優しさだとか温もりだとかそんなことは忘れてしまっていたのだ。いつの間にか、忘れてしまっていたのだ。だから、夢にも思わなかった。ありえない、と、想像をすることすらもできなかった。忘れたときと同じようにいつの間にか慣れてしまった、日の光と、人の声と、体温と。
すう、と目を閉じて、息を吐き闇に沈む。
鋭くなった聴覚がぎしりと鳴る床の音をとらえたので、目を開けて横たえていた身体を起こした。
「山崎?」
からり、と襖が開く。顔を覗かせて、寝てた? と問うその声音が優しい。真選組の沖田と言えばその冷酷さは隊内外、剣を扱うものでは知らぬ者はいないと言うほどなのに、優しいときはこんなにも優しい。足音を立てずに歩くことなど慣れているはずなのに、わざと床を鳴らしたのは、俺を驚かさないためだと、知っている。
「もう、大丈夫です」
「いいから寝てな。病気のときくらい、寝てたって、誰も責めやしませんぜ」
肩を優しく押されて、促されるまま再び横になる。はらりと流れた半端な髪にそっと触れて、それから沖田さんは気遣うような優しい仕草で、俺の額に手を当てた。
「熱は下がりやしたね」
「だから、もう大丈夫ですって」
「って言って、仕事中に倒れられちゃ迷惑でさァ」
態とらしく肩を竦められ、反論しようとして、やめた。
ここのところ仕事が溜まっていて休む時間など滅多になく、頭が重いと思って試しに熱を測ってみれば、案の定発熱していた。薬を煎じて飲もうとしたところを局長に見つかって、人の出入りのある監察の部屋では落ち着かないだろうと思案する言葉に、だったらこっちに、と自分の部屋を明け渡したのが沖田さんだ。

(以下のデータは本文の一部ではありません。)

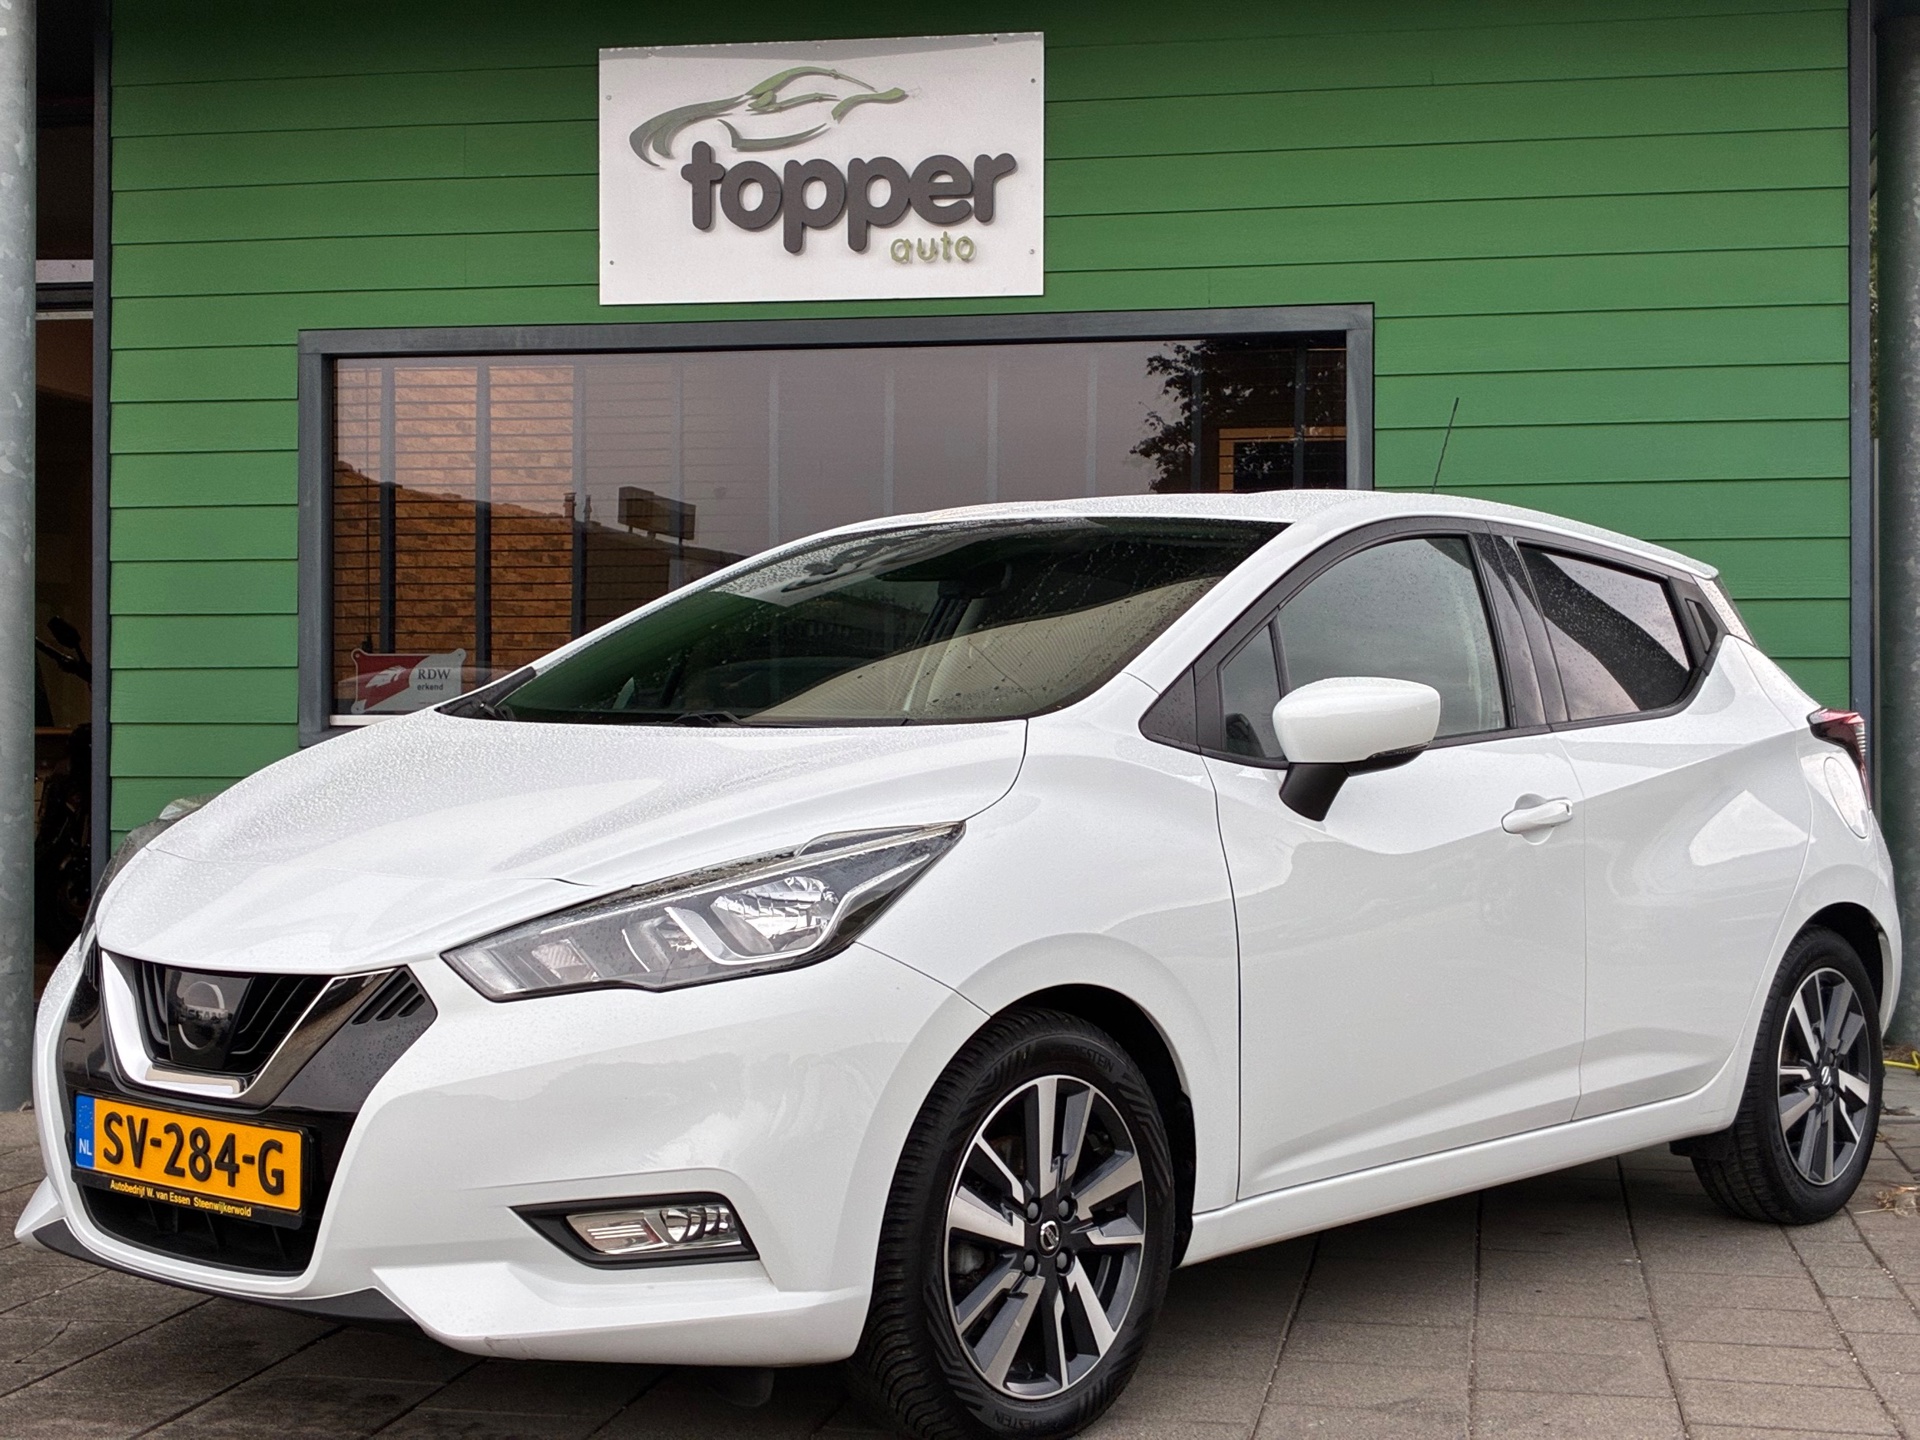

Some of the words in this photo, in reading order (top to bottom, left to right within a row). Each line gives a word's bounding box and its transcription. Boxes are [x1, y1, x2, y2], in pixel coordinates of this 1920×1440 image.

遠慮する俺を有無を言わせず引っ張って、手ずから布団を敷き、寝てなせェ、と言ってくれた。
思いの外優しい言葉に、驚いて、目を見張れば、額を弾かれた。その痛みの所為にして拭った涙を、気付かれたかどうか。
いつの間にか忘れていた。必死すぎて、きっと、忘れているということも忘れていた。
傍に誰かがいるということや、無防備になれる場所があるということ、そんなことを、失ったことも、本当は、忘れていたのだ。
得た場所の暖かさと、心地よさに、気付けばすっかり忘れていたのだ。胸の奥に空いた暗い穴でさえ。
額にかかる髪を払う沖田さんの指が温かくて、やっぱり何も言えずに。
庭で、稽古中なのだろうか、隊士の声がする。柔らかな日差し。
ああ。なんて。
俺の部屋と大差ない天井。それを見つめながら、優しく髪を撫でてくれる人を思う。あまりにも優しい。
寝ててもいいですぜ、と言うので、いいえ、と答えた。邪魔ですかィ、と立ち上がりかけるのに慌てて服を掴めば、驚いたような顔をされた。だってここはあなたの部屋です、と言い訳をしようとするより先、驚いたままの沖田さんが不意に優しく笑ったので。
熱の所為だと声には出さずに自分自身に言い訳をして。
「……傍に、居てください」
うん、と笑った沖田さんがあまりにも嬉しそうだったので、何ですか、と問えば、気にしなさんな、と、また、髪を撫でられた。